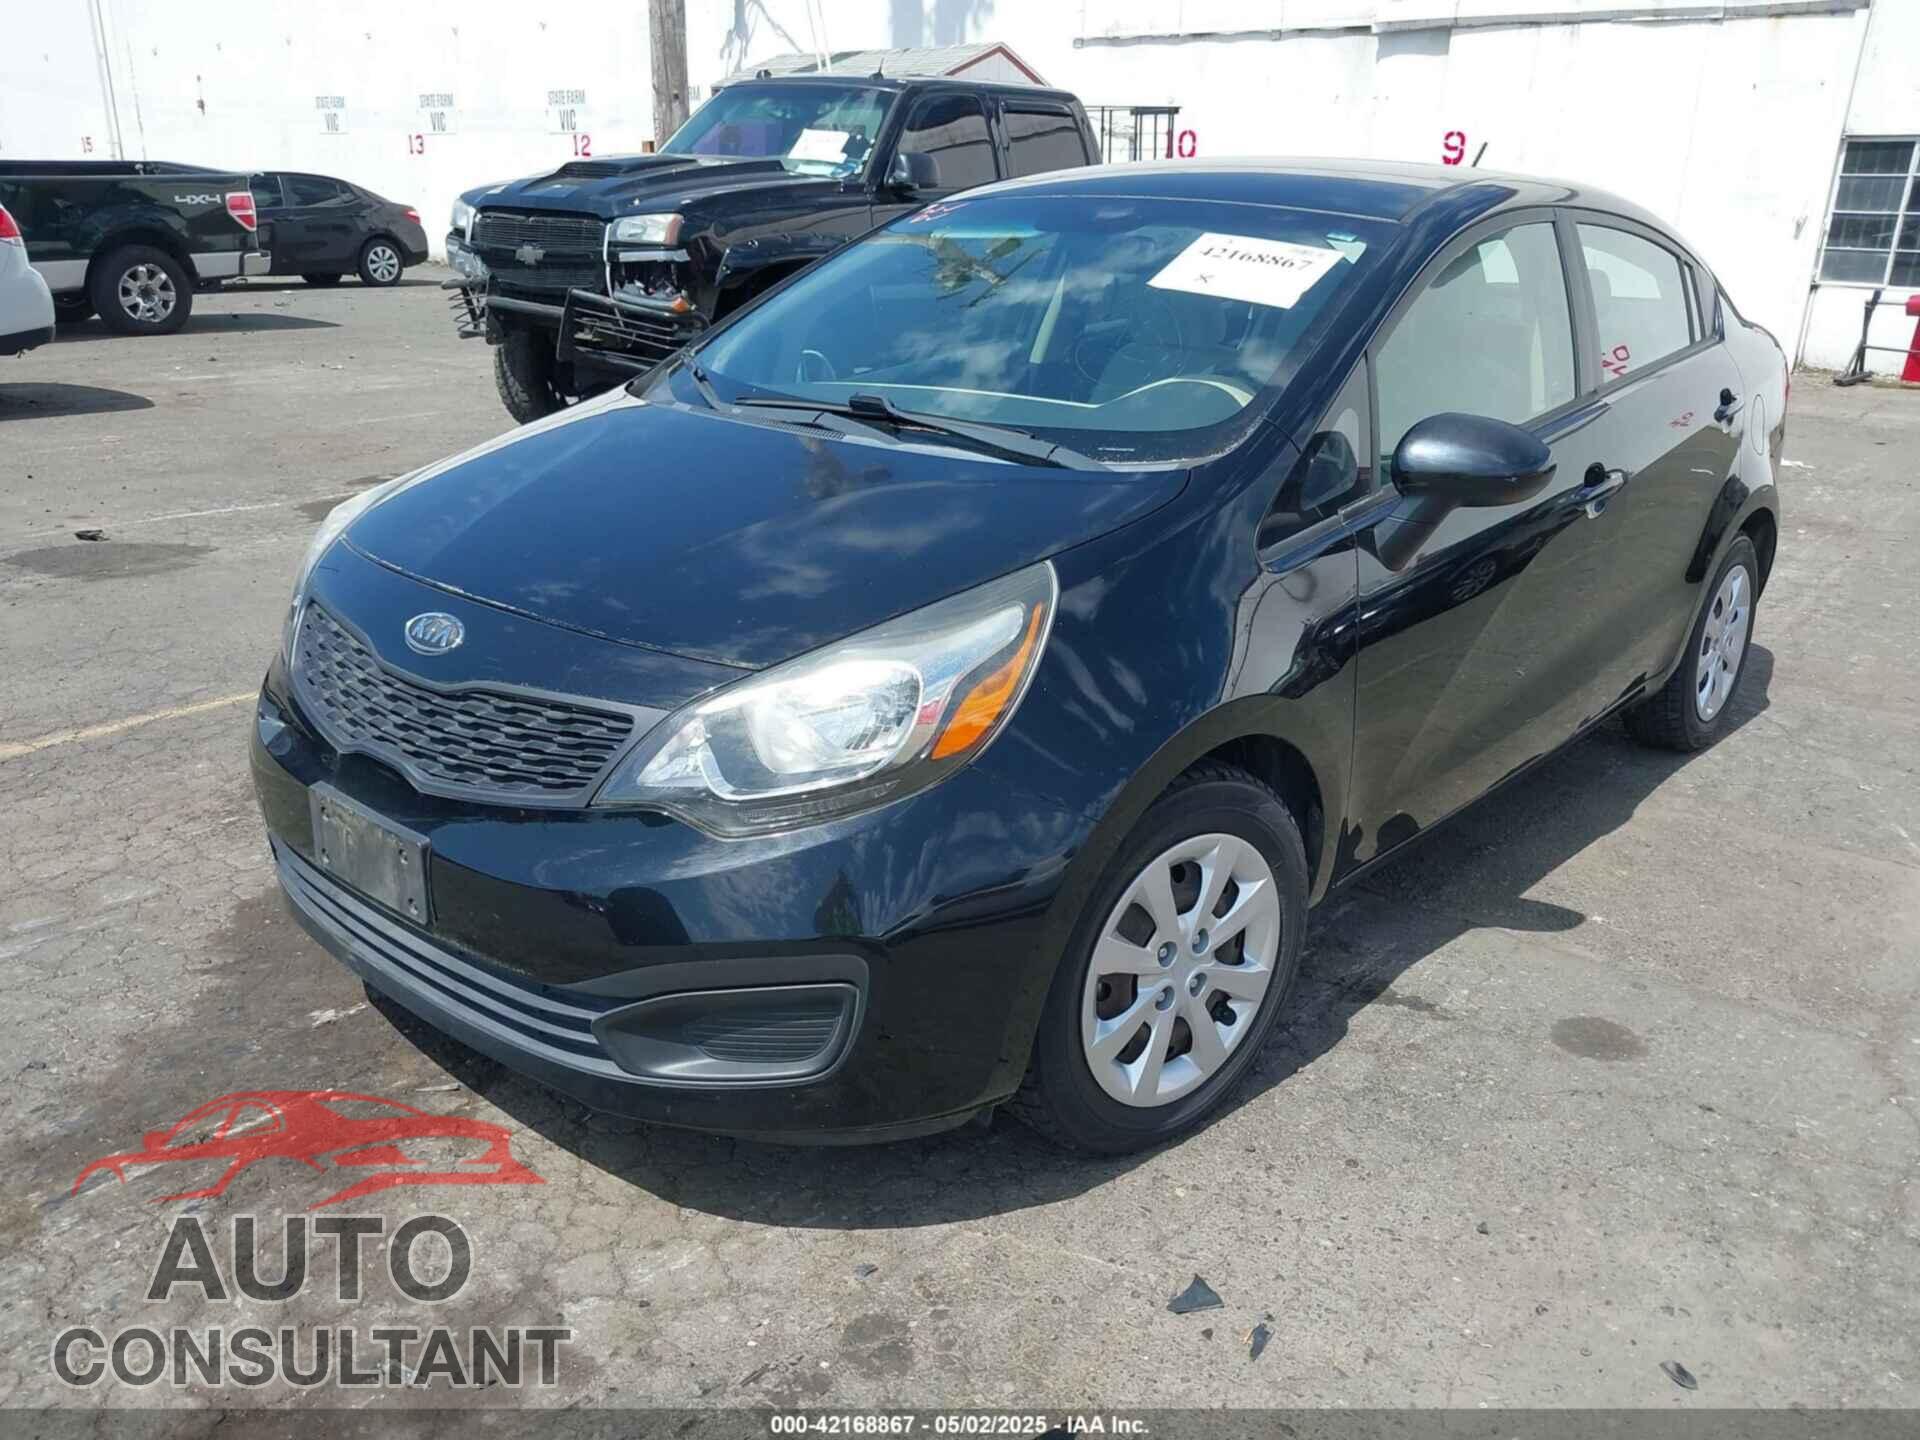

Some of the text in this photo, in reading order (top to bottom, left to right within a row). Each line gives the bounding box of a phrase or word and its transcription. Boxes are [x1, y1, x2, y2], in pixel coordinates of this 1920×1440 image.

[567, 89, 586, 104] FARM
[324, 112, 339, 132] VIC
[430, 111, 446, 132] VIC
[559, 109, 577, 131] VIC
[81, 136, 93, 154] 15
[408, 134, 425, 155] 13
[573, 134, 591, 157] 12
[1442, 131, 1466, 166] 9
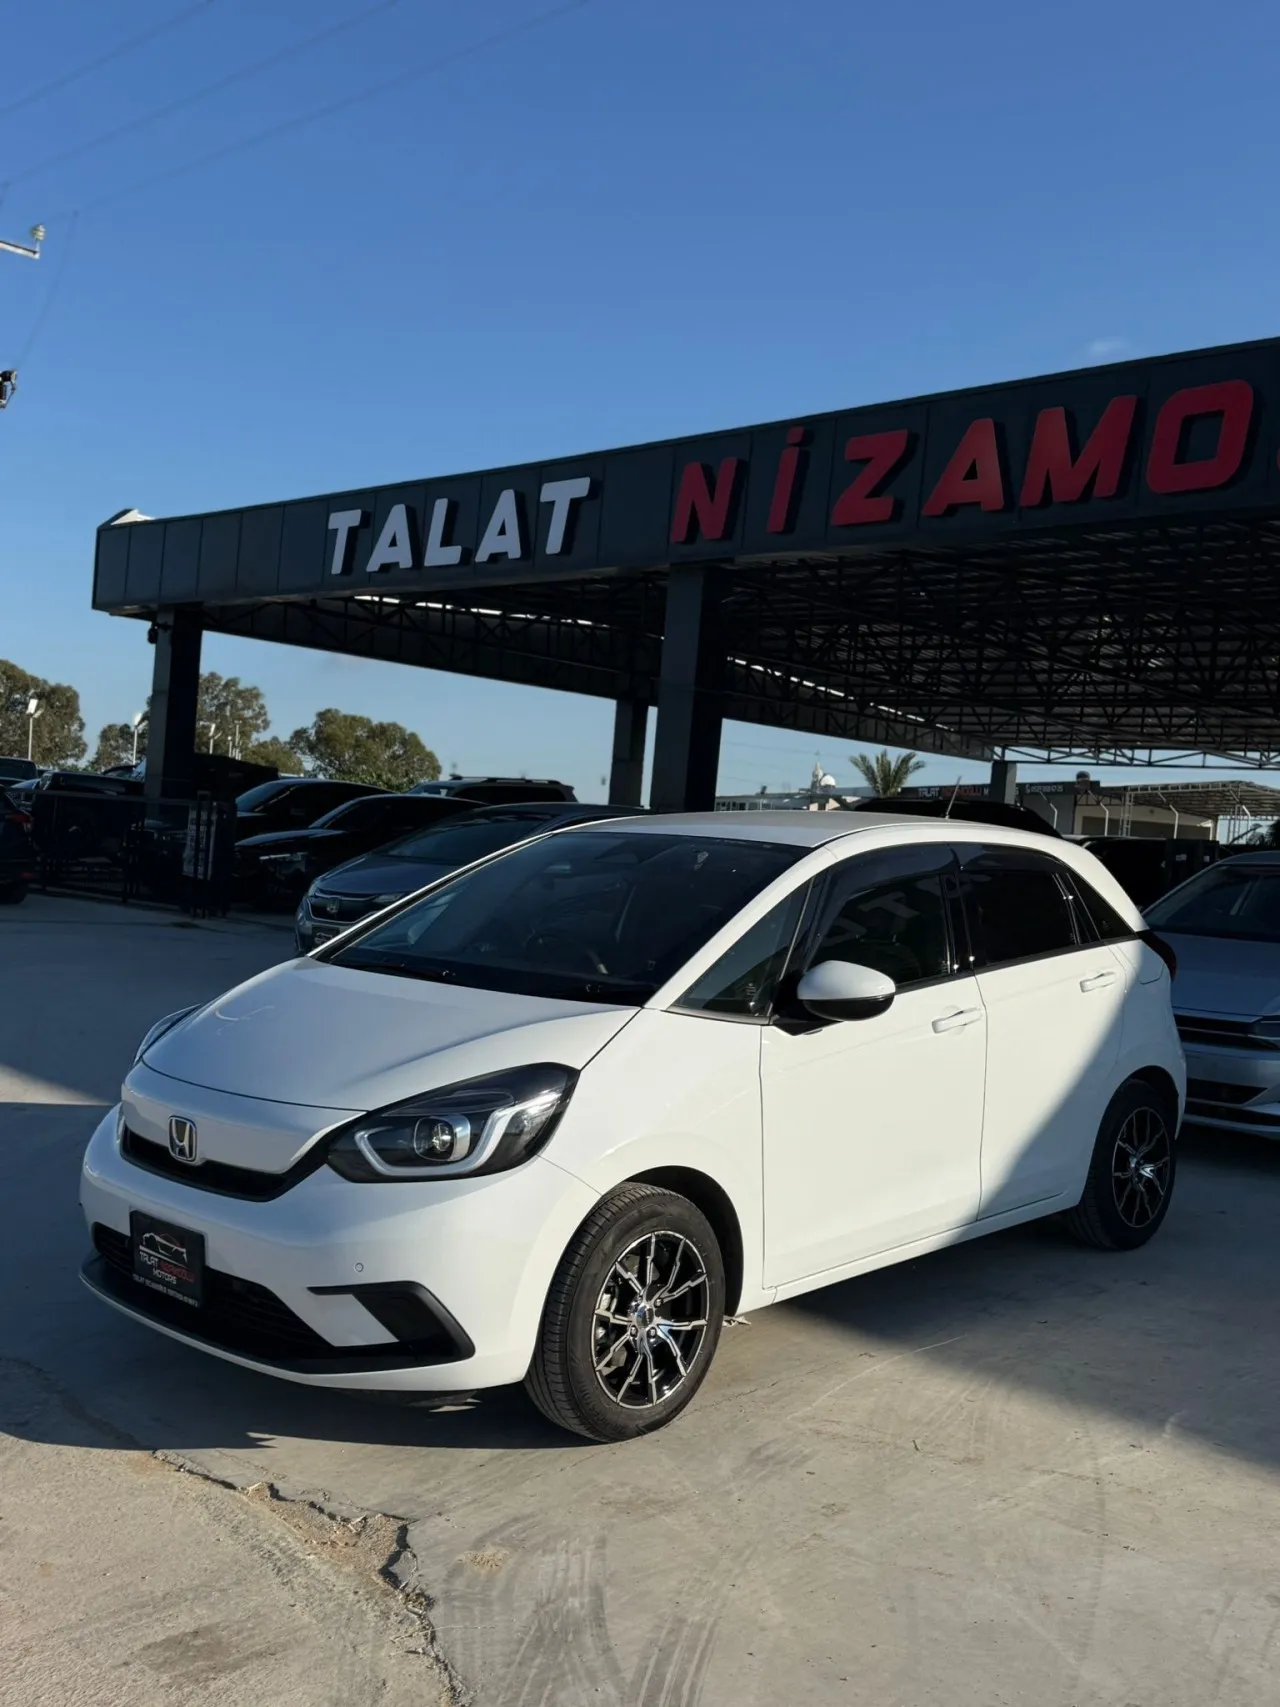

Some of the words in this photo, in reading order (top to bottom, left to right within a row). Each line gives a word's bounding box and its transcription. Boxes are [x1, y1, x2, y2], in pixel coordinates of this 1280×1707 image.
-------------------------
Your copy should repeat each entry above exactly but contain no pictures.

Some of the text in this photo, in reading order (top to bottom, left to right within a row). Each line gives the bounding box of a phrase or word and its transcription. Boxes are [x1, y1, x2, y2], in pixel coordinates of this 1920×1440 image.

[567, 89, 586, 104] FARM
[324, 112, 339, 132] VIC
[430, 111, 446, 132] VIC
[559, 109, 577, 131] VIC
[81, 136, 93, 154] 15
[408, 134, 425, 155] 13
[573, 134, 591, 157] 12
[1442, 131, 1466, 166] 9

Some of the words in this photo, in reading order (top to bottom, left to right within a row). Each line gives a word's bounding box and its transcription. Boxes are [x1, y1, x2, y2], in pixel coordinates of this 1280×1707 image.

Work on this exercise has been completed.